PROVIDED MATERIAL below:

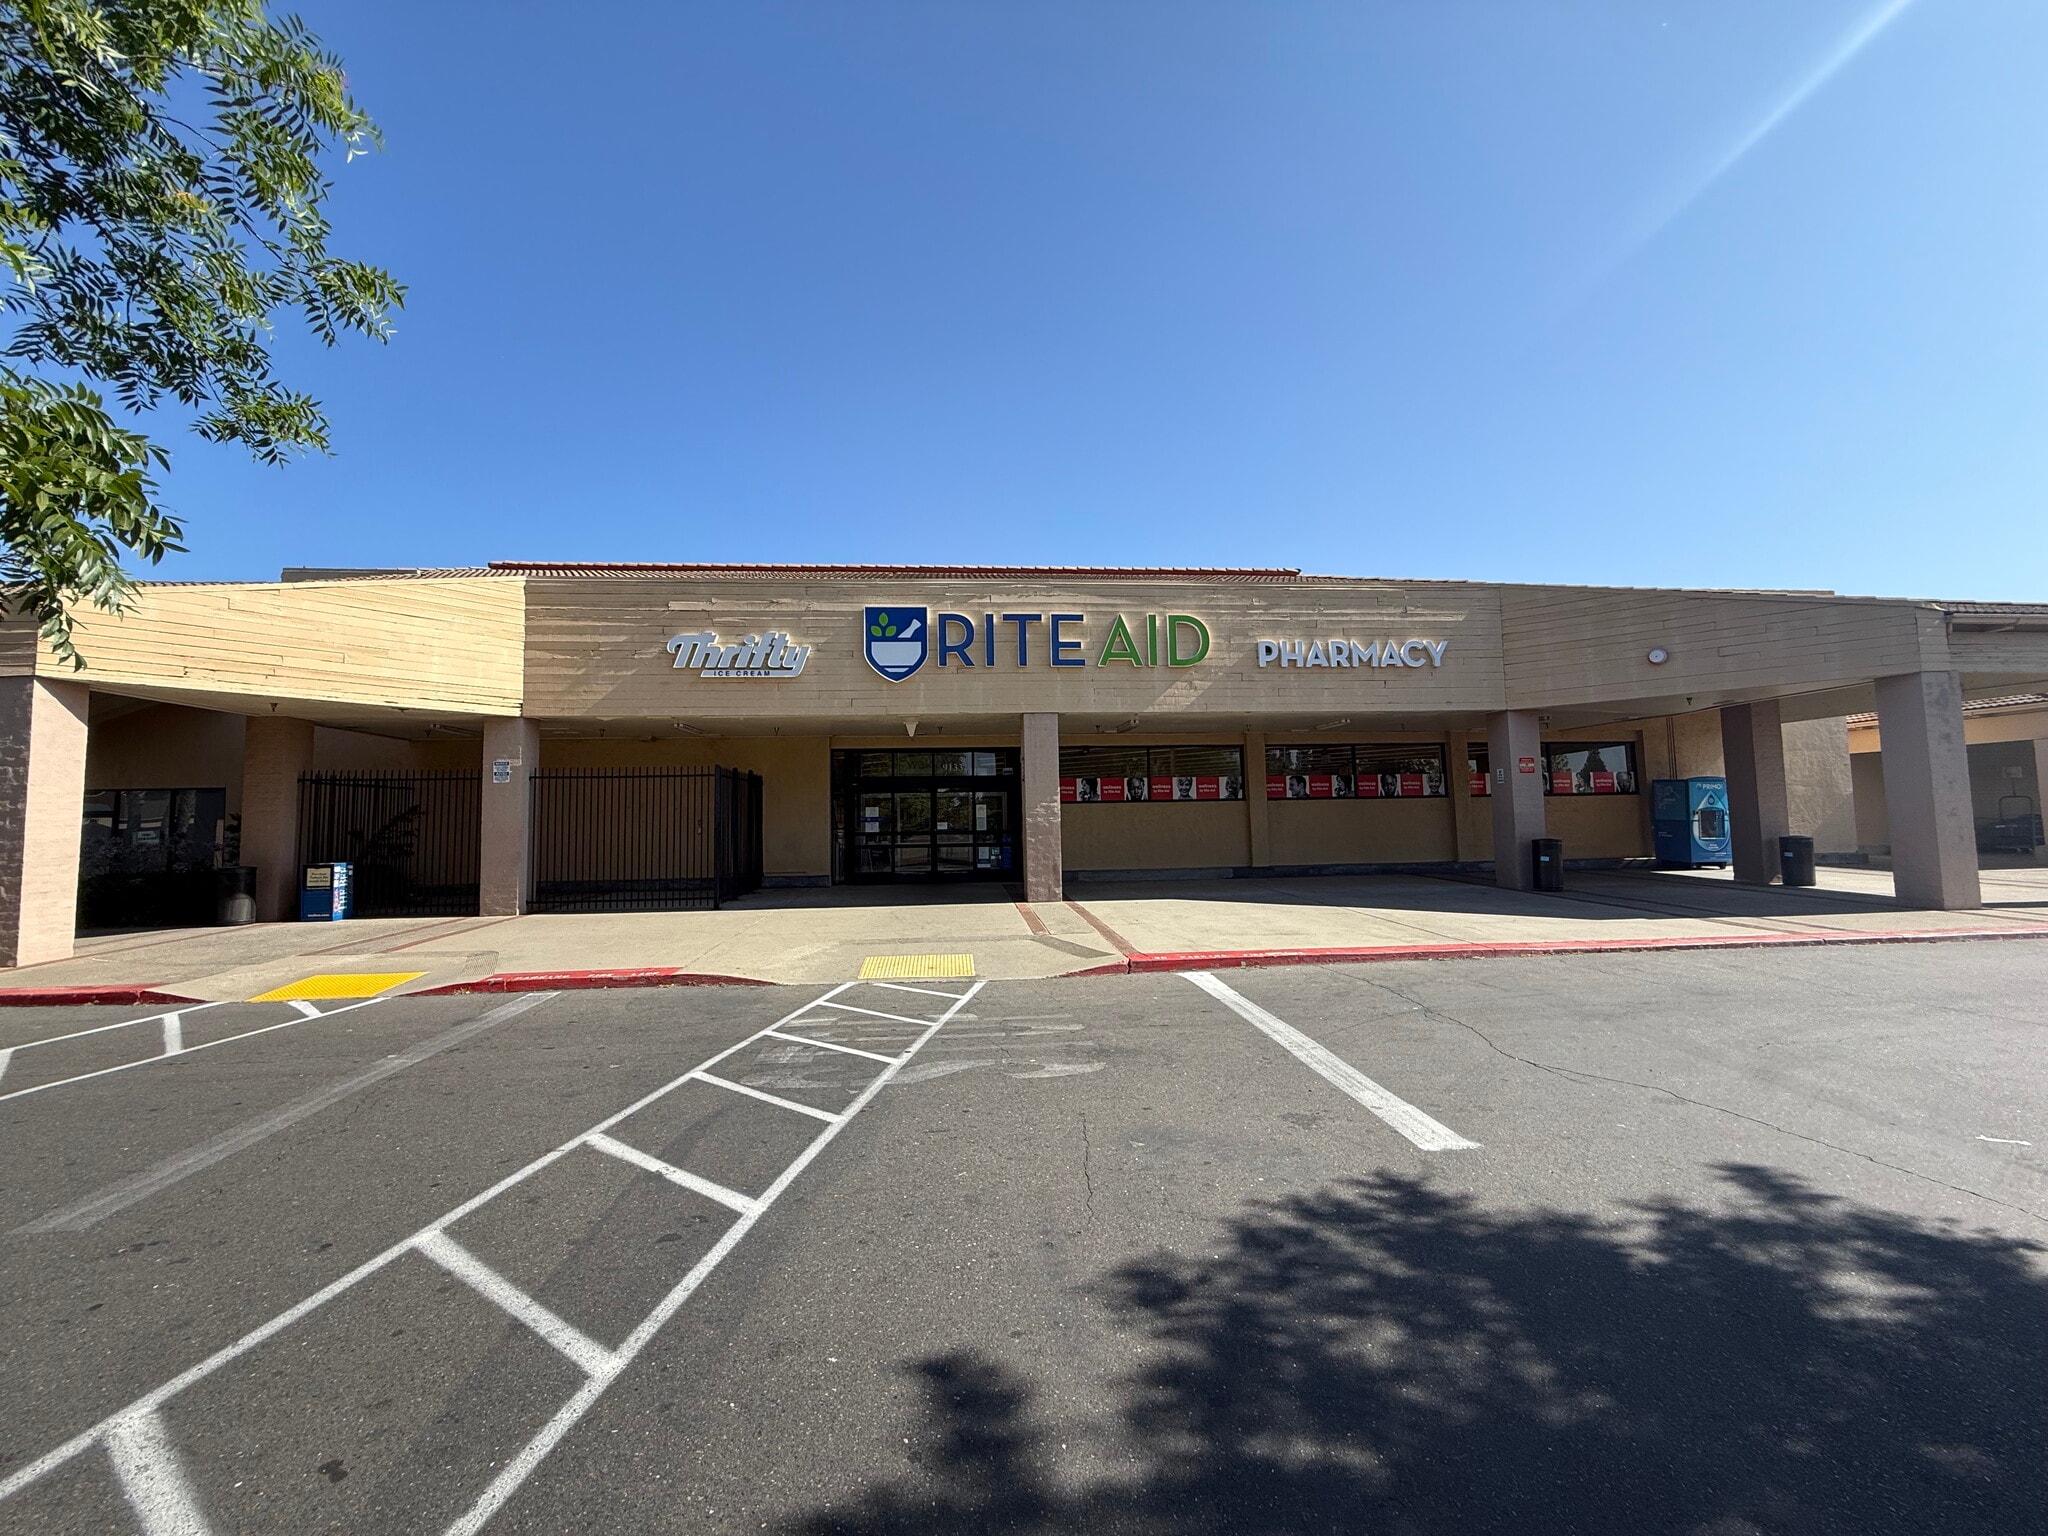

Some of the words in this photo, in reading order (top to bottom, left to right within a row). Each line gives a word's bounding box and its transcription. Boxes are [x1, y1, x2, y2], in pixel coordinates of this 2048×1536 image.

[666, 631, 811, 677] Thrifty
[937, 612, 1086, 667] RITE
[1098, 613, 1211, 667] AID
[1257, 639, 1449, 667] PHARMACY
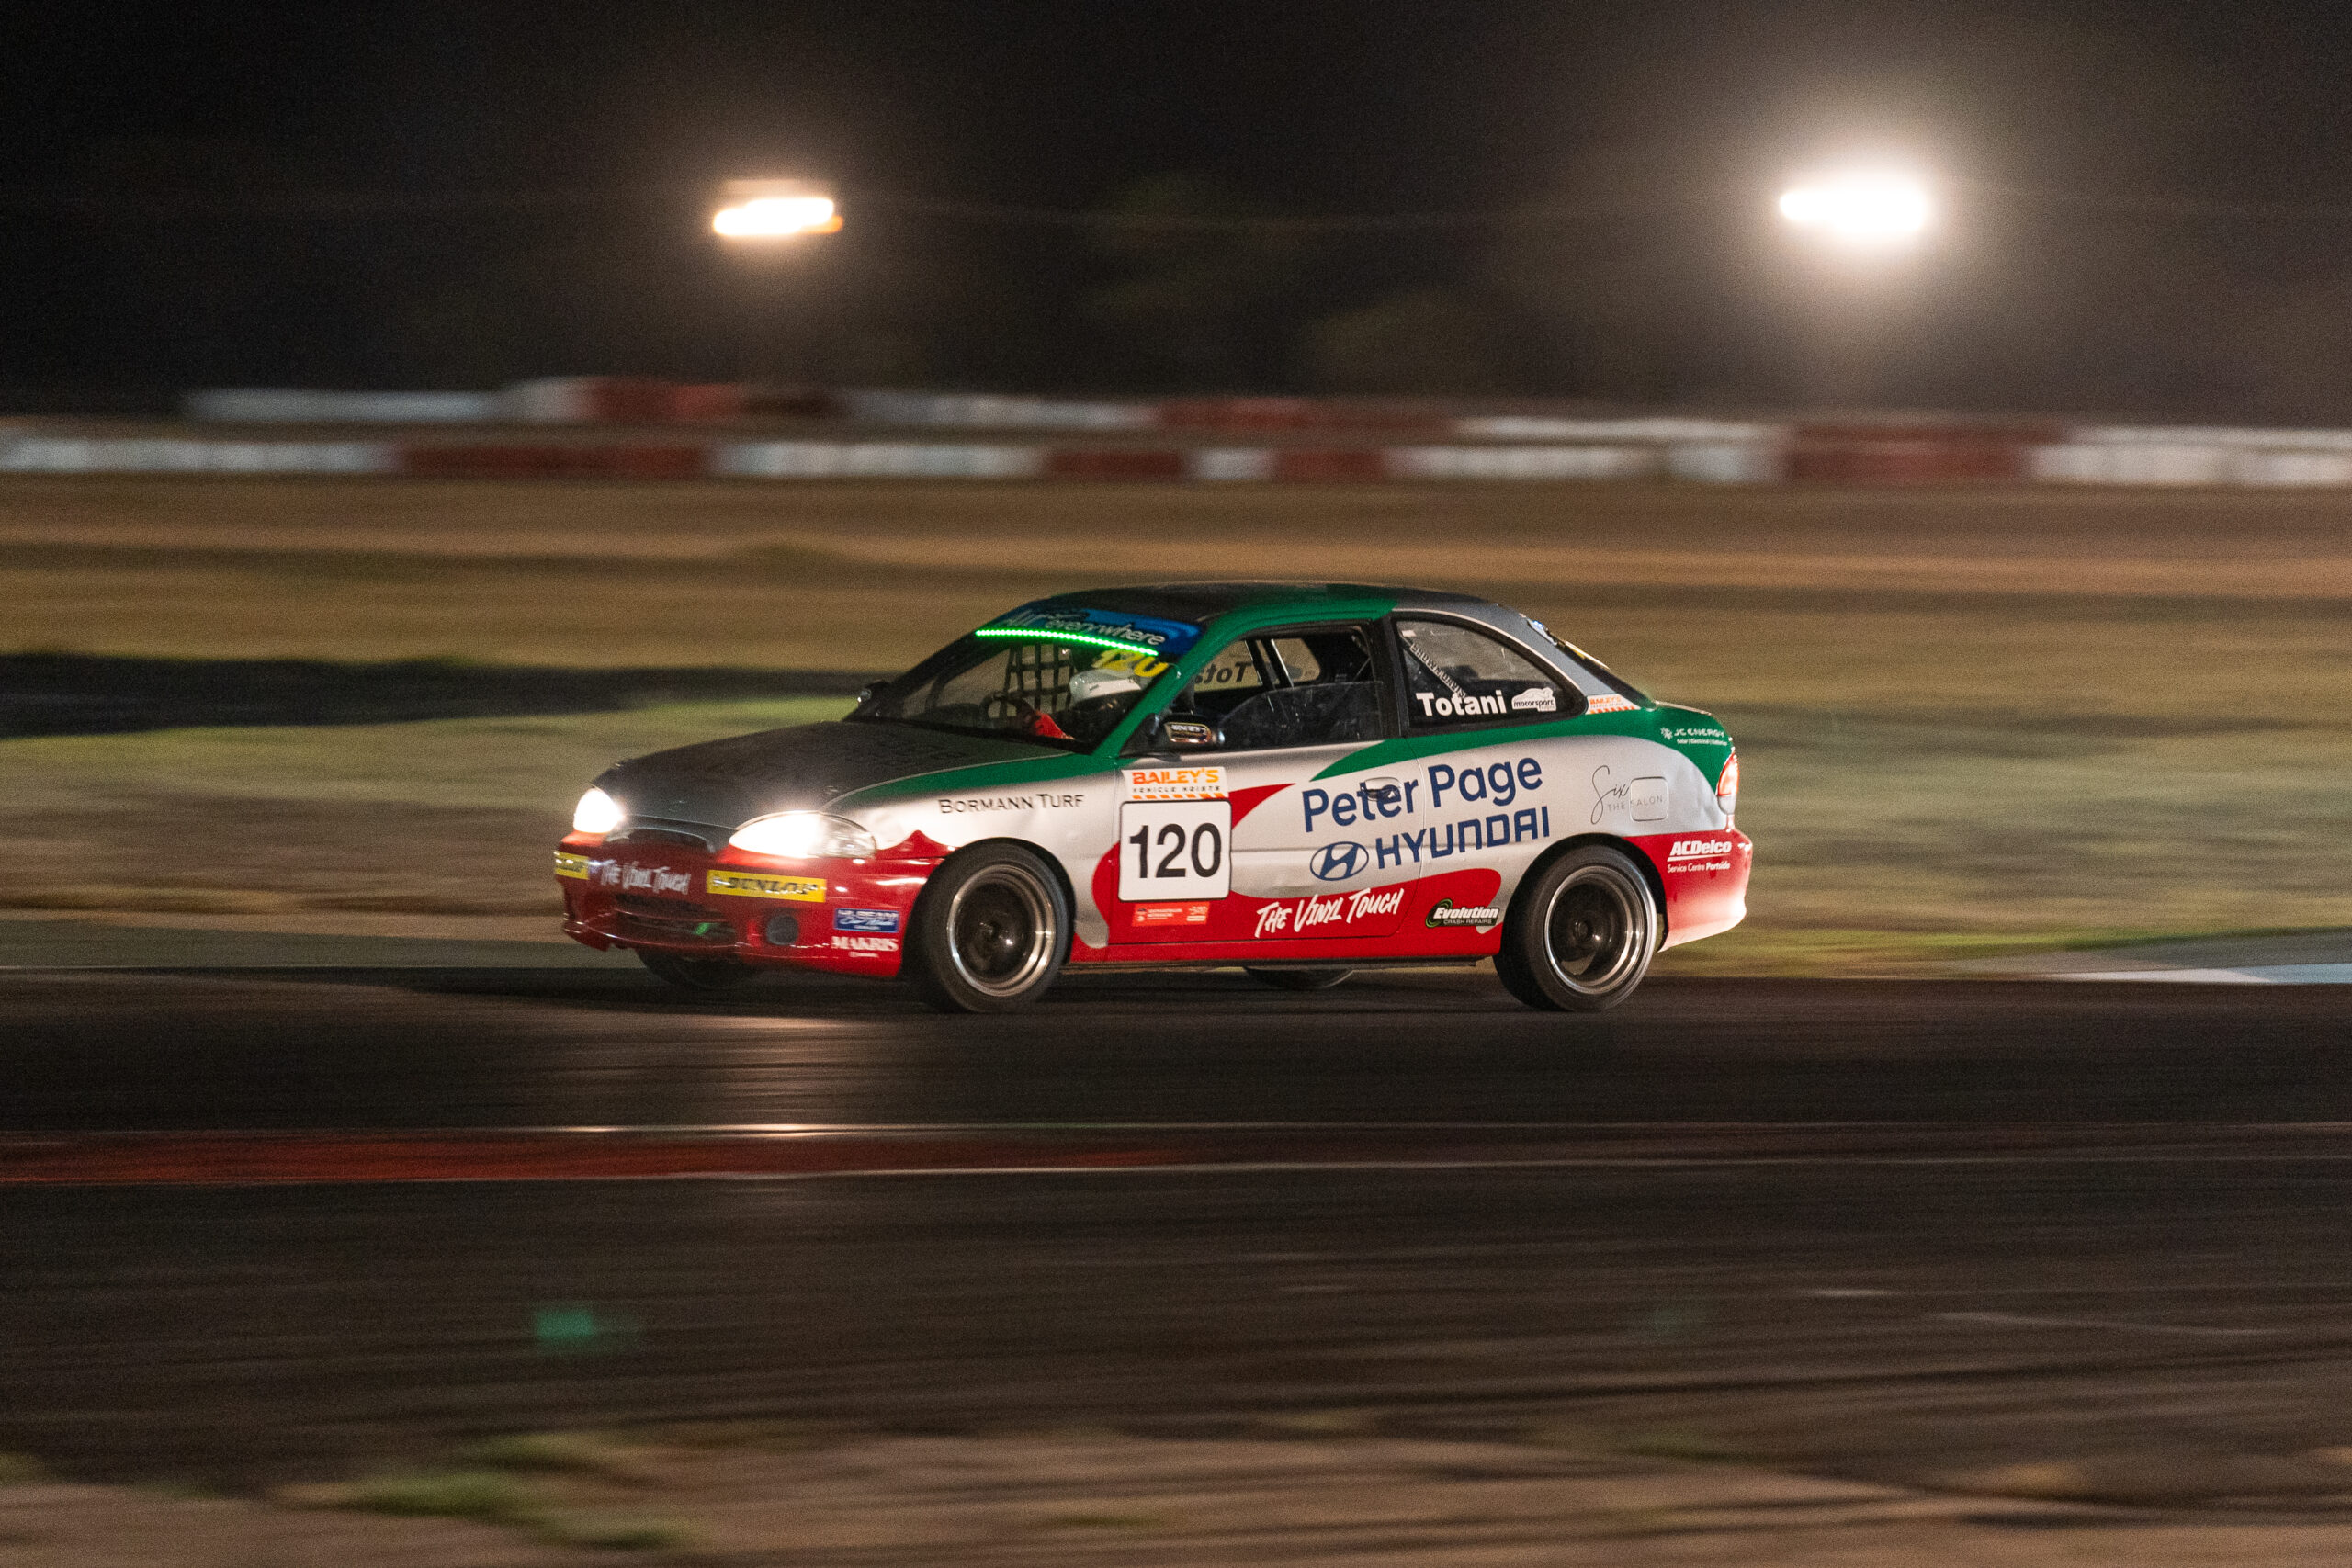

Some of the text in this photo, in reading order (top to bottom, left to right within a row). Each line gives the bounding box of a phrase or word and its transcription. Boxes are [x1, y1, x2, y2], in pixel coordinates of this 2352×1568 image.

[1416, 690, 1507, 716] Totani
[1513, 699, 1555, 707] motorsport
[1132, 767, 1219, 784] BAILEY'S
[938, 793, 1084, 814] BORMANN TURF
[1302, 757, 1543, 833] Peter Page
[1607, 795, 1663, 812] THE SALON
[1375, 806, 1550, 869] HYUNDAI
[1669, 839, 1733, 856] ACDelco
[1129, 822, 1222, 879] 120
[1254, 887, 1405, 938] THE VINYL TOUCH
[1433, 906, 1499, 919] Evolution

End of PROVIDED MATERIAL.

» THE TASK:
Every line above is to be given again exactly, apart from the pictures.

» RESPONSE FOR THIS EXERCISE:
Some of the words in this photo, in reading order (top to bottom, left to right within a row). Each line gives a word's bounding box and its transcription. Boxes are [x1, y1, x2, y2], in pixel coordinates of this 2048×1536 image.

[666, 631, 811, 677] Thrifty
[937, 612, 1086, 667] RITE
[1098, 613, 1211, 667] AID
[1257, 639, 1449, 667] PHARMACY

Some of the text in this photo, in reading order (top to bottom, left to right within a row). Each line gives the bounding box of a phrase or word and its transcription. Boxes are [x1, y1, x2, y2], in pixel coordinates of this 2352×1568 image.

[1416, 690, 1507, 716] Totani
[1513, 699, 1555, 707] motorsport
[1132, 767, 1219, 784] BAILEY'S
[938, 793, 1084, 814] BORMANN TURF
[1302, 757, 1543, 833] Peter Page
[1607, 795, 1663, 812] THE SALON
[1375, 806, 1550, 869] HYUNDAI
[1669, 839, 1733, 856] ACDelco
[1129, 822, 1222, 879] 120
[1254, 887, 1405, 938] THE VINYL TOUCH
[1433, 906, 1499, 919] Evolution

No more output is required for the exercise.